DATA TO PROCESS:
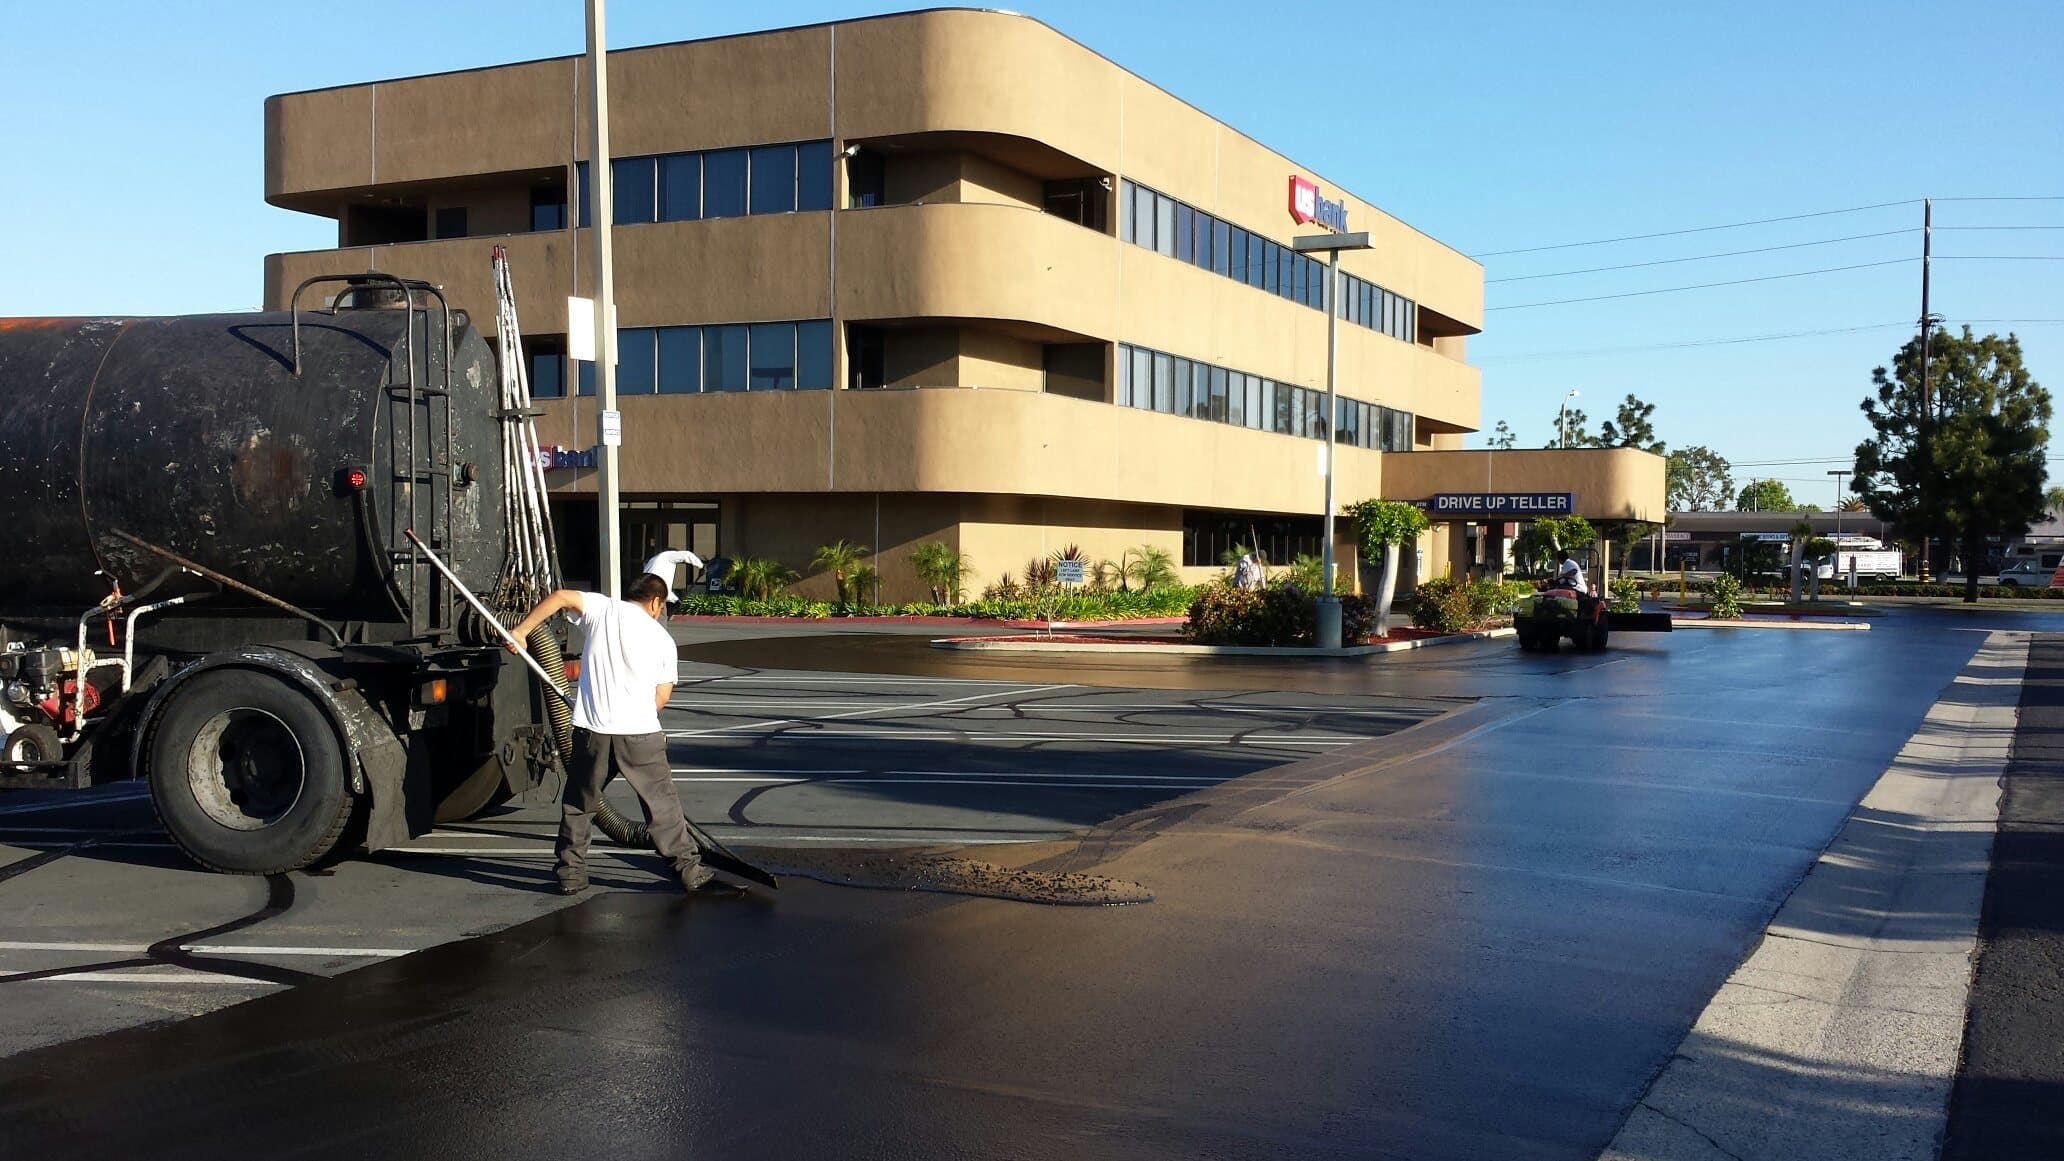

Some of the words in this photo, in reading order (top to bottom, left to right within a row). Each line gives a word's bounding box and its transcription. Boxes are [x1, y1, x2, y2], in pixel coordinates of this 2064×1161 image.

[1295, 184, 1315, 218] US
[1315, 186, 1348, 233] bank
[1438, 496, 1482, 509] DRIVE
[1486, 496, 1505, 509] UP
[1510, 496, 1567, 509] TELLER

TASK OBJECTIVE: Each line above gets copied exactly; leave the pictures out.

EXPECTED ANSWER:
Some of the words in this photo, in reading order (top to bottom, left to right within a row). Each line gives a word's bounding box and its transcription. Boxes are [x1, y1, x2, y2], in pixel coordinates of this 2064×1161 image.

[1295, 184, 1315, 218] US
[1315, 186, 1348, 233] bank
[1438, 496, 1482, 509] DRIVE
[1486, 496, 1505, 509] UP
[1510, 496, 1567, 509] TELLER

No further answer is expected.